Le deuxième axe a trait tout naturellement aux rapports du Maroc avec le reste du continent africain. Conjoncture oblige et puisque le Maroc déposera prochainement sa demande d’adhésion à l’Union africaine, il était utile de faire le point sur la stratégie du pays dans ce domaine. En effet, le Souverain a bien souligné que l’Afrique est au cœur de la diplomatie marocaine. Cela se confirme encore aujourd’hui plus que par le passé et montre que le Maroc entend renforcer ses liens économiques, politiques et culturels avec tous les pays africains sans distinction, même avec ceux qui n’épousent pas ses thèses à propos de son intégrité territoriale. Cette nouvelle vision qui s’inscrit dans le sillage du renforcement de la coopération Sud-Sud, ne semble pas être approuvée par certains pays. Là, le Souverain tenait à rassurer ses partenaires, et même ses détracteurs, en mettant en exergue les différents aspects d’une coopération mutuellement avantageuse, dont le seul objectif est de contribuer au développement des populations qui ont pâti des décennies durant des séquelles des politiques des puissances coloniales.
Tout en parlant de l’Afrique, le discours ne pouvait ignorer de mentionner le phénomène de l’immigration à partir des pays subsahariens. Sur ce registre, le Maroc est fier, souligne le Roi, d’avoir été précurseur pour avoir élaboré une stratégie intégrée de régularisation de milliers de migrants subsahariens. Ainsi, le Maroc n’est plus considéré comme un pays de transit, pour ceux qui veulent atteindre l’autre rive de la Méditerranée, mais bel et bien un pays d’accueil. Mais malgré les efforts consentis, certains milieux mettent en doute les bonnes intentions et les nobles objectifs du pays. A ceux-là, le Souverain conseille de faire ne serait-ce qu’une petite partie de ce qu’a réalisé le Maroc pour sauvegarder la dignité de ces personnes qui ont traversé des milliers de kilomètres, et au péril de leur vie, pour se retrouver parmi nous.
Et dans la droite ligne de la question de l’émigration et au vu de la conjoncture que traverse le continent européen après l’arrivée de vagues successives de migrants, fuyant les guerres au Moyen- Orient et la succession d’attentats terroristes, Le Roi ne pouvait pas ne pas s’adresser à la grande communauté des Marocains résidents à l’étranger. Celle-ci subit les contrecoups d’une situation empreinte de crispations et de polémiques, mais elle doit, poursuit, le souverain, continuer à résister dans la dignité et l’honneur tout en demeurant attachée à ses valeurs et traditions ancestrales et servir d’ambassadrice du Maroc à l’étranger.

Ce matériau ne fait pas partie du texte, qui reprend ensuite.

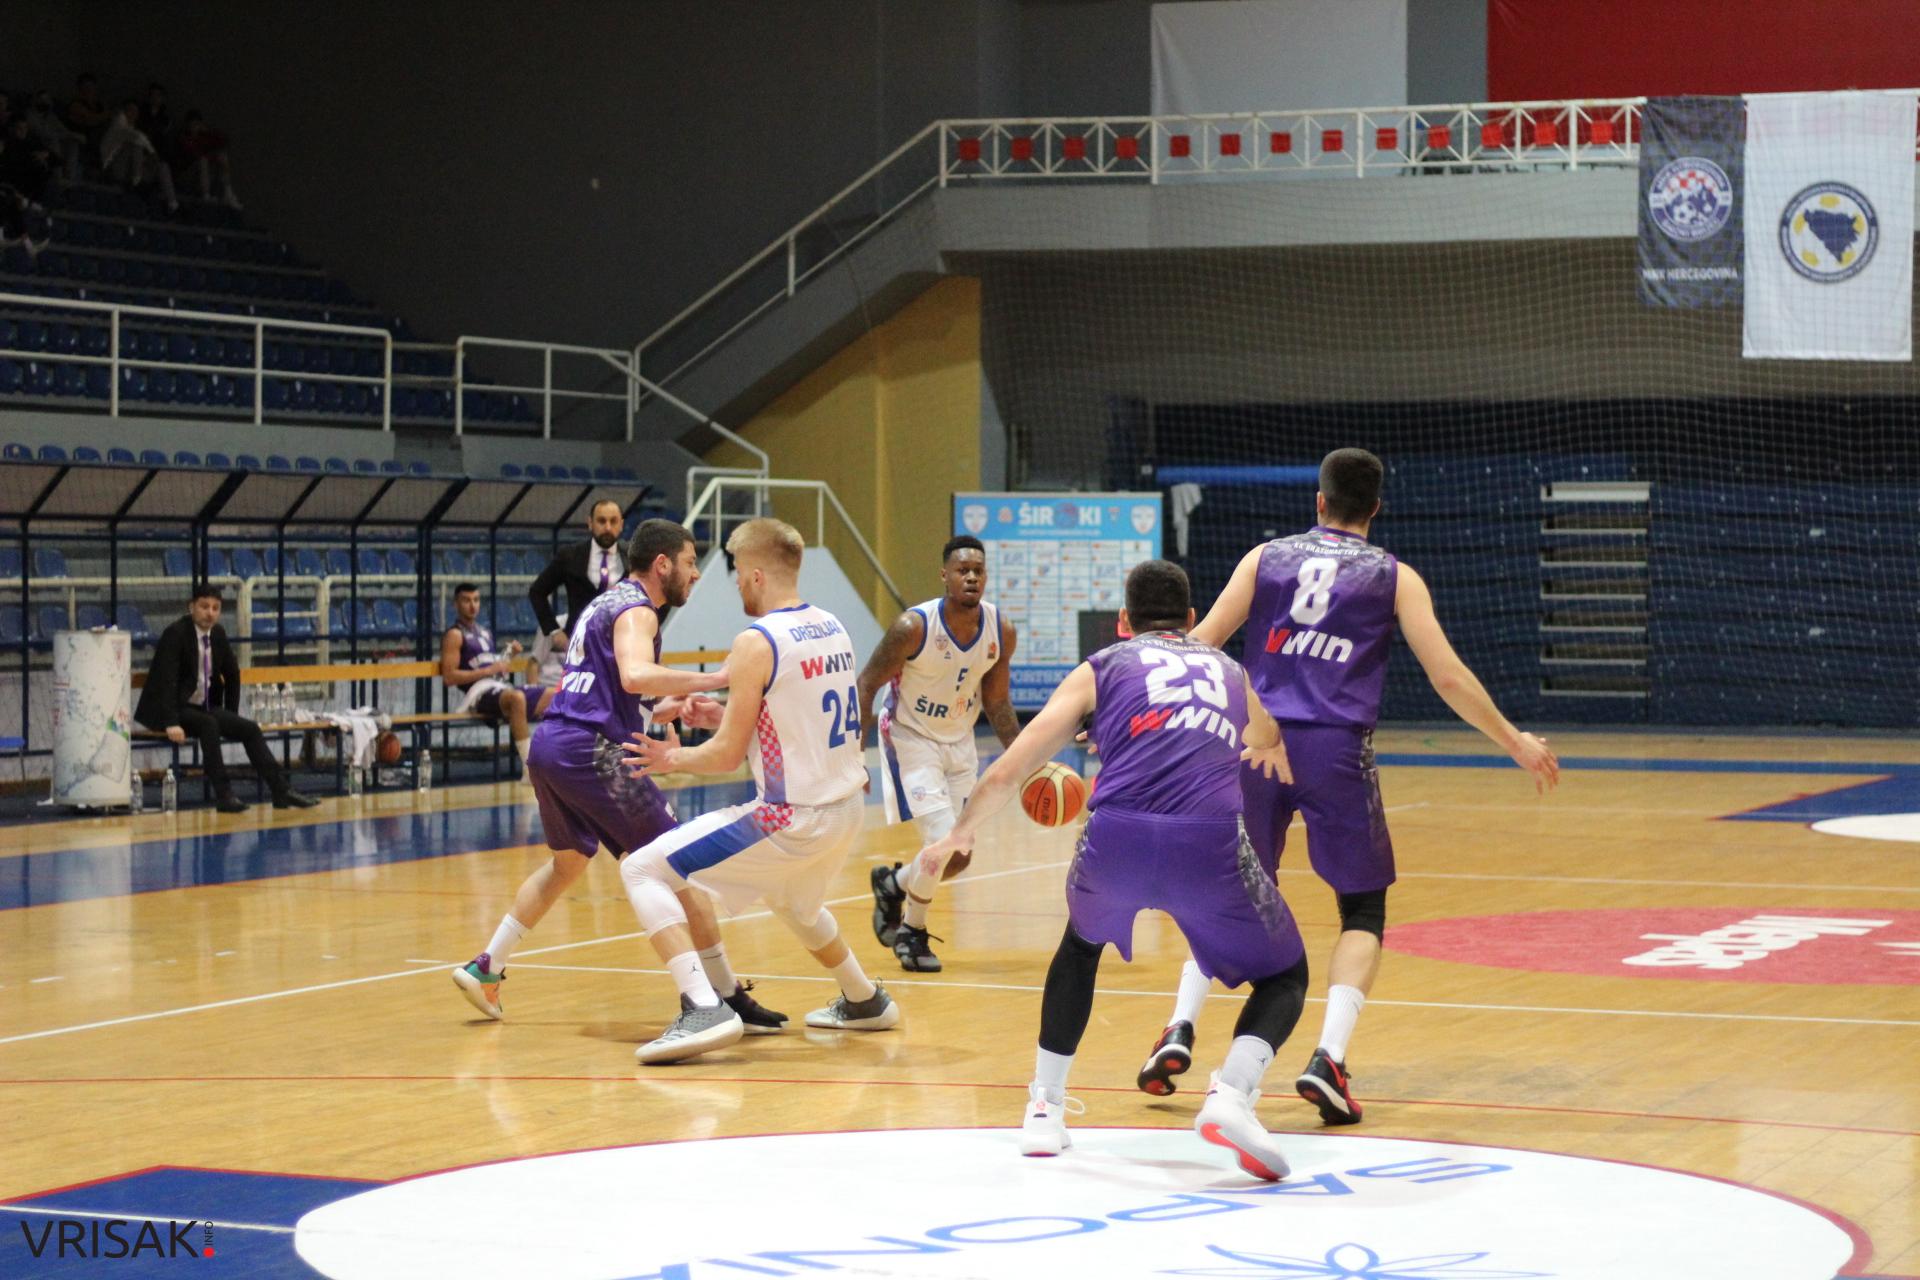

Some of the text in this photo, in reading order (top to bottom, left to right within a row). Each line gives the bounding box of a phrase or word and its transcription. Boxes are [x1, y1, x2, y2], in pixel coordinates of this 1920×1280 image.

[1289, 557, 1339, 626] 8
[1139, 647, 1229, 710] 23
[822, 685, 862, 749] 24

Bien entendu, un certain nombre d’événements viennent mettre leur situation en difficulté, notamment à cause d’une poignée d’égarés qui ne comprennent rien à l’Islam et qui s’enrôlent dans des mouvements radicaux et terroristes pour servir des desseins dont ils ignorent la portée. Ceux-là sont eux-mêmes victimes de pseudo-musulmans, dont le seul but est de détruire la civilisation humaine au nom de l‘Islam et d’attiser la haine entre les différentes communautés et religions.